The World of 5Σ in 2013

Pure Perl String Matching

June 12th, 2013 - As you can see from a couple of entries ago, I was trying to use String::Approx 'amatch' to do fuzzy string matching. This had some downsides. I needed to install the module on my app servers, and the code was returning bizarre results. Attempts to hand-tune the numbers were all failing.

Like any good engineer, I re-invented the wheel (to be fair, this is a useful endeavour, I highly prefer a pure-Perl implementation of fuzzy matching, and without supporting libraries was also a huge bonus).

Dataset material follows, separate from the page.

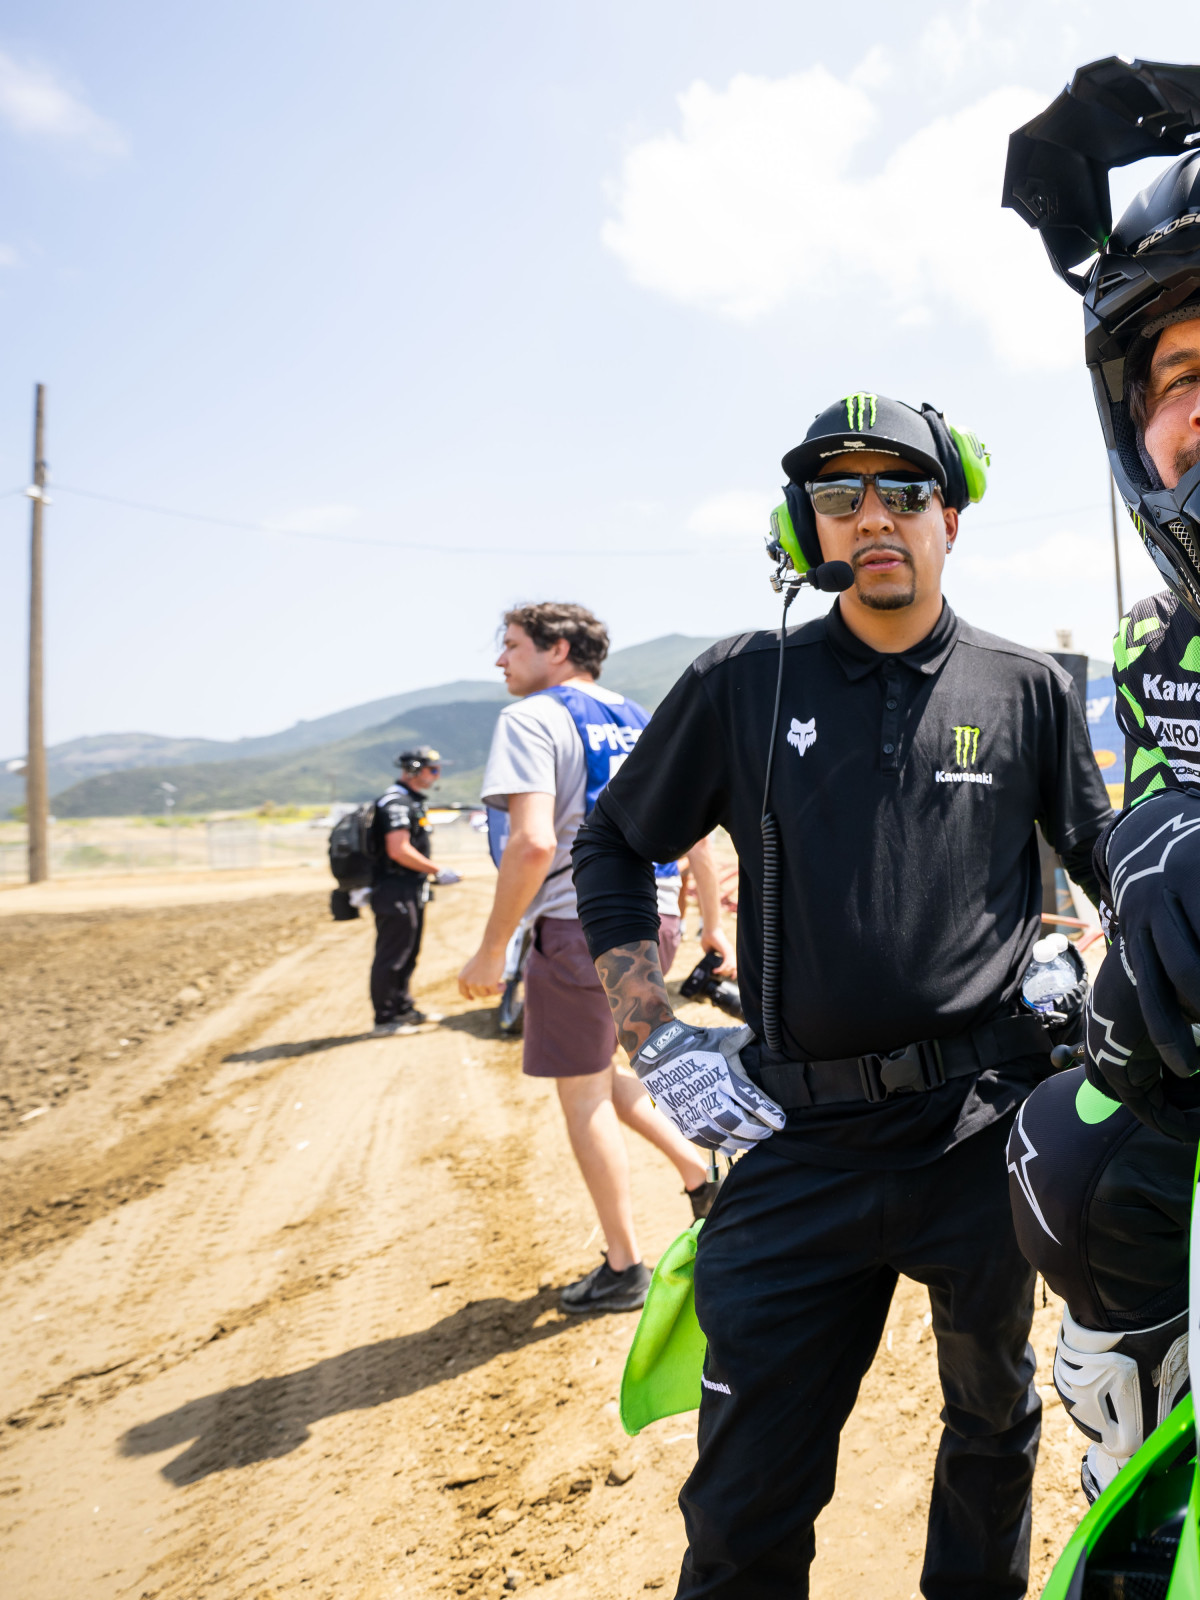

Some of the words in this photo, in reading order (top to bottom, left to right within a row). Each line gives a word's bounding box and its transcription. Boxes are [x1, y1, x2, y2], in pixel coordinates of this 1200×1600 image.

My algorithm is probably suboptimal, as I didn't follow any existing algorithms. The basic idea is I pull a single character from the first string, then 3 characters "nearby" in the second string, and see if the first char is in the second substring. I do this from front and back, on the theory that people typing strings tend to get the starts and ends correct more often than the middles.

If there's no match, a "miss" is recorded. At the end, a ratio is built between the number of misses and the size of the input strings.

Find the code here on this blog.

5Σ _____

First Look at VPI Virtual Servers

May 15th, 2013 - I am testing out the servers at VirtualPrivateInternet. It's a service similar to Amazon, but meant for developers and prototype-builders rather than production installs. The dashboard is lean and simple, so I allocated a couple servers and began using them.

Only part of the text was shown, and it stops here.